Half-Life 2, ATI, NVIDIA, and a Sack of Cash
Latent IT writes "If you're into games, and unless you've been living under a rock for the past few days, you've heard a bit of a rumble from Valve on the relative quality of ATI vs. NVIDIA cards. Starting with articles like this one (previously reported), Valve told the world that the ATI 9800 Pro was nearly three times faster in some cases than the formerly competitive NVIDIA offering, the 5900 Ultra. Curiously, this happened at an ATI sponsored event, "Shader Day". But the story hasn't stopped there. NVidia released this response, essentially claiming that their new drivers, that were available to Valve at the time of their press conference, would make for vast, legitimate performance improvements. An interview with Massive, the creators of the Aquamark 3d benchmark, seems to confirm this opinion - that the NV3x chipset wasn't designed around any certain API very well, and the drivers are critical in achieving good performance. Anandtech writes here about the restrictions Valve placed on what benchmarks could be run. However, the key to this whole story may be this: an article, which I haven't seen get much coverage in all this, seems to make everything a little clearer - Valve stated that their OEM bundling deal with ATI came from the fact that ATI's cards were so superior, and that they were "performance enthusiasts". However, if the Inquirer is to be believed, the bundling deal was a result of an outright auction, on what will probably be the most popular game of the year. Which year that might be, is another issue altogether. Whatever happened to just making hardware, and making games?"

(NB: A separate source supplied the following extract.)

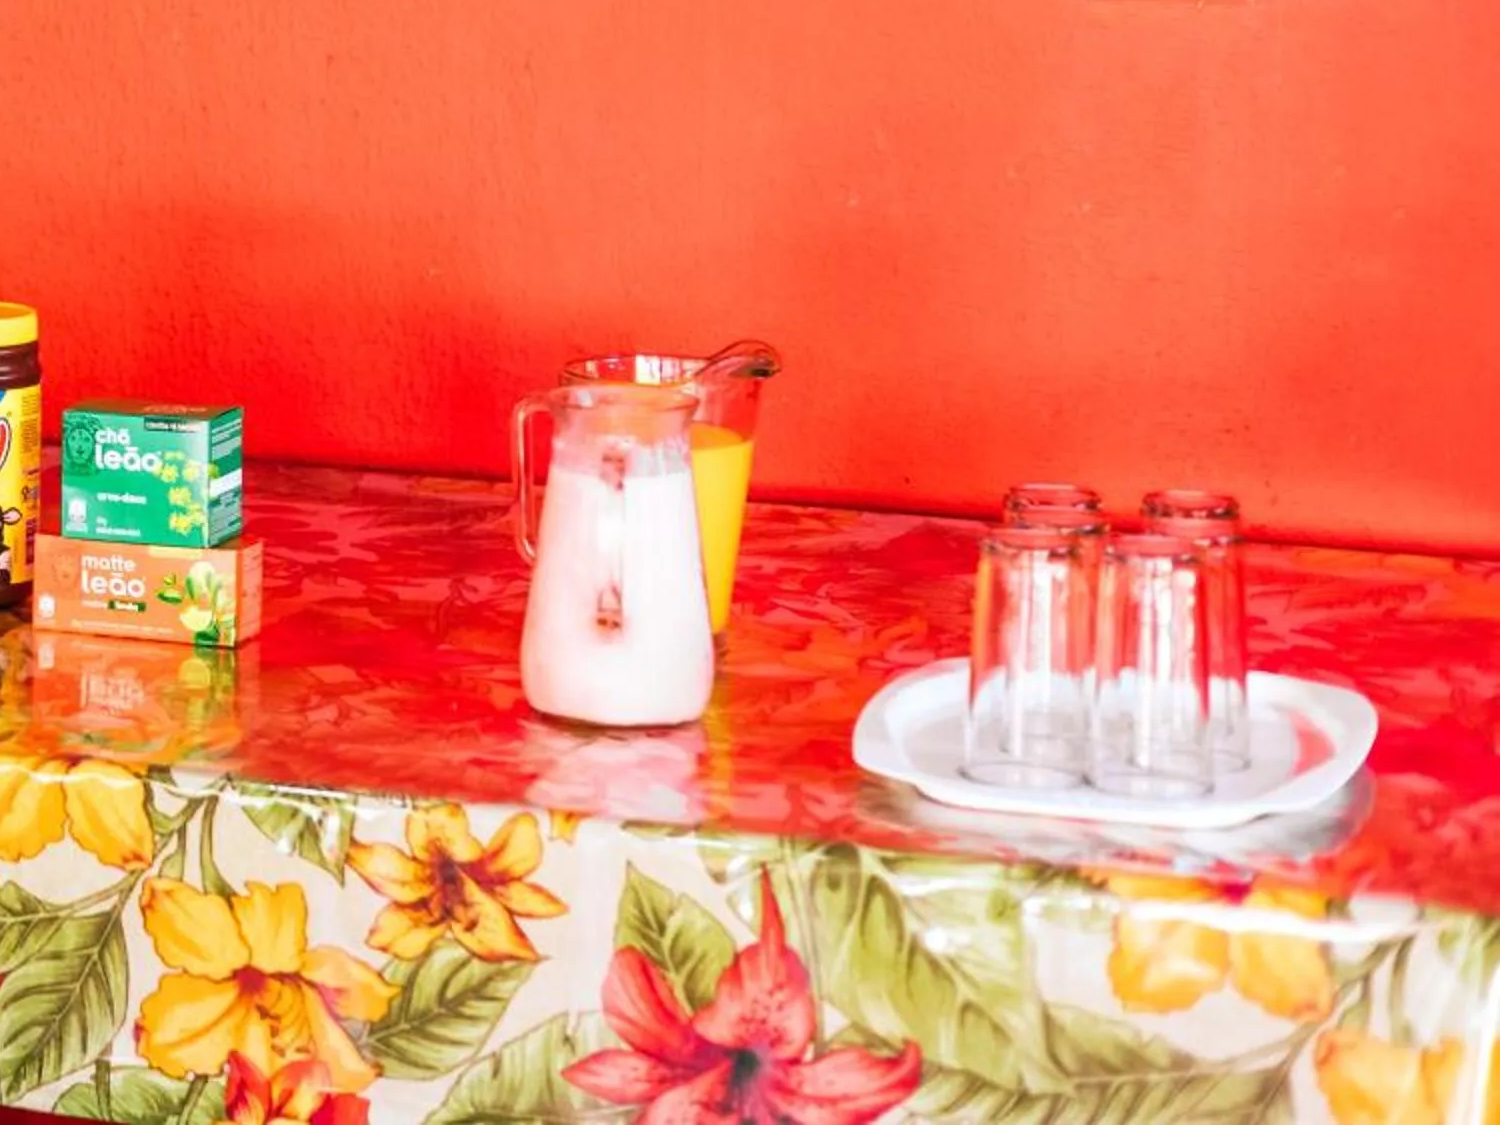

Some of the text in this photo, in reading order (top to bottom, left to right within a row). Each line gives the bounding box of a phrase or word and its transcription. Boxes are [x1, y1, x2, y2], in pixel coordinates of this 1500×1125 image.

[95, 443, 162, 472] leão
[80, 555, 137, 572] matte
[81, 571, 146, 598] leão

"Whatever happened to just making hardware, and making games?" unfortunately..where there's a multi-billion dollar industry, there's shady business deals.
What my Rendition Verite card is old now? Come on guys, is this difference really that much at all?
About all the article in the inquirer says is that Valve put the bundling rights for HL2 up for grabs. Makes sense.
I don't think that article says anything about one hardware platform being better than the other, and I don't doubt that had NVidia won the bundling deal, they would've had a "NVidia Shader Day" event, regardless of the performance of the product.
I still find the most interesting point being that Valve says that they had to put in a lot more time and effort making the gaming experience on NVidia cards good than on ATI cards, to the point of developing a seperate graphics path for NVidia chips.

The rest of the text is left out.